§ Requirement: Output what the records say, word for word, with no images.

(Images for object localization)
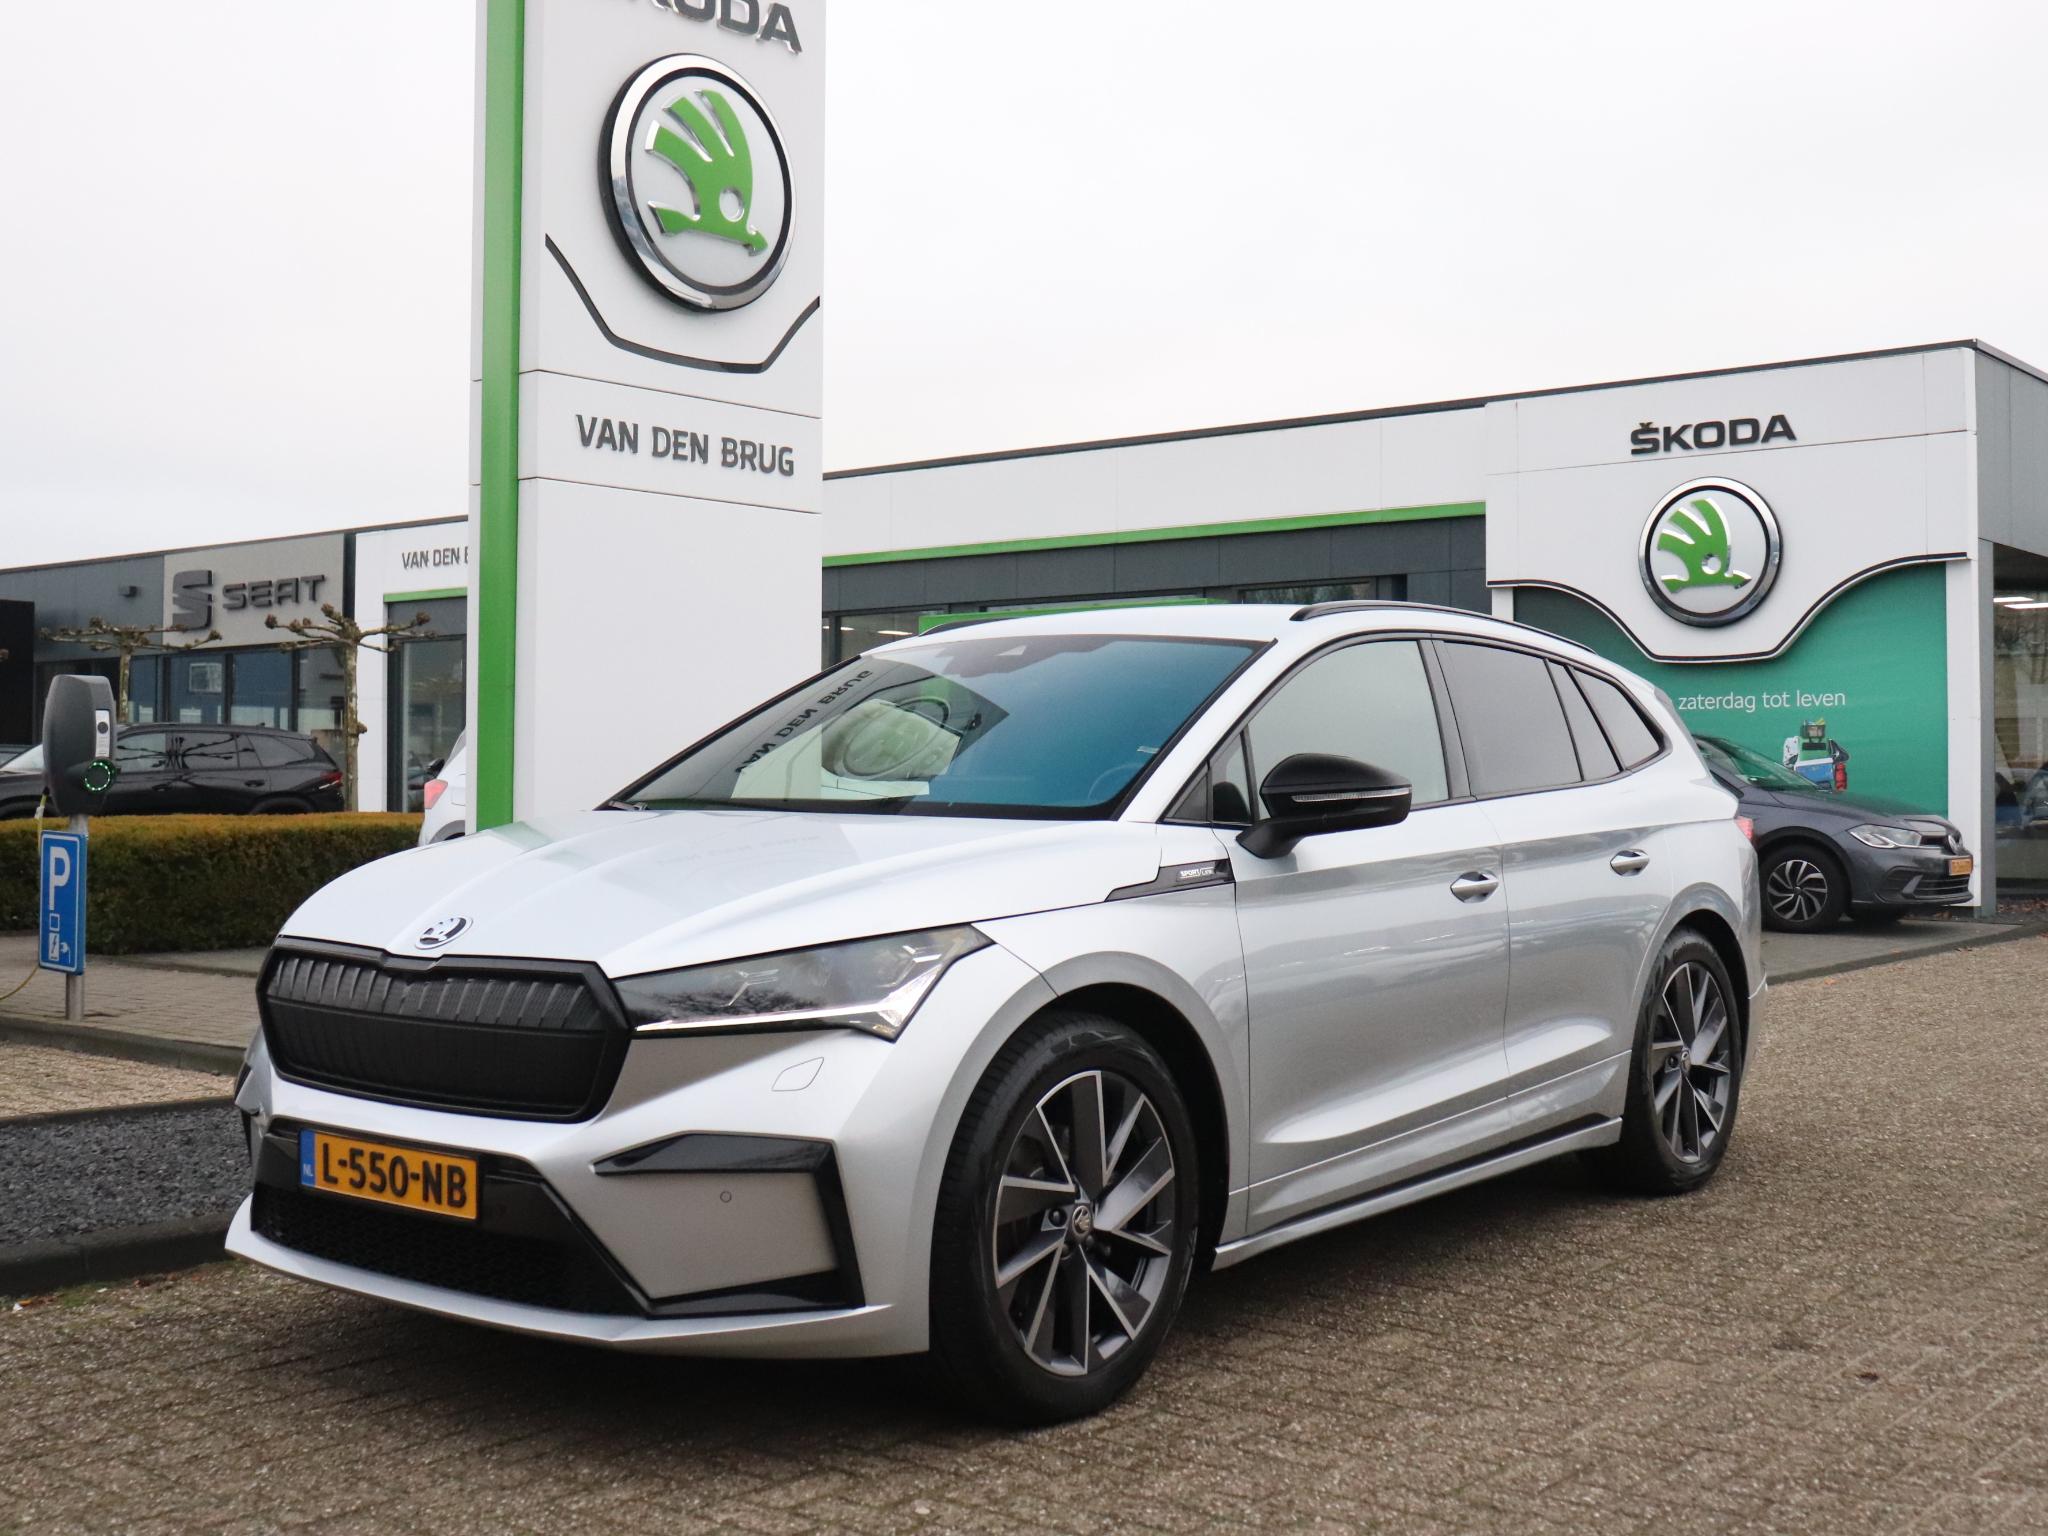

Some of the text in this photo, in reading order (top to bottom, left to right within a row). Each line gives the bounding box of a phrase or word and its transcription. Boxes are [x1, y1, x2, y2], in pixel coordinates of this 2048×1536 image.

[652, 0, 802, 54] ODA
[575, 414, 795, 477] VAN DEN BRUG
[1631, 414, 1797, 456] ŠKODA
[401, 550, 429, 570] VAN
[432, 547, 460, 567] DEN
[222, 574, 325, 610] SEAT
[1678, 690, 1846, 713] zaterdag tot leven
[49, 846, 71, 911] P
[303, 1163, 314, 1177] NL
[322, 1142, 467, 1208] L-550-NB

§ Solution for this task:
Some of the text in this photo, in reading order (top to bottom, left to right within a row). Each line gives the bounding box of a phrase or word and its transcription. Boxes are [x1, y1, x2, y2], in pixel coordinates of this 2048×1536 image.

[652, 0, 802, 54] ODA
[575, 414, 795, 477] VAN DEN BRUG
[1631, 414, 1797, 456] ŠKODA
[401, 550, 429, 570] VAN
[432, 547, 460, 567] DEN
[222, 574, 325, 610] SEAT
[1678, 690, 1846, 713] zaterdag tot leven
[49, 846, 71, 911] P
[303, 1163, 314, 1177] NL
[322, 1142, 467, 1208] L-550-NB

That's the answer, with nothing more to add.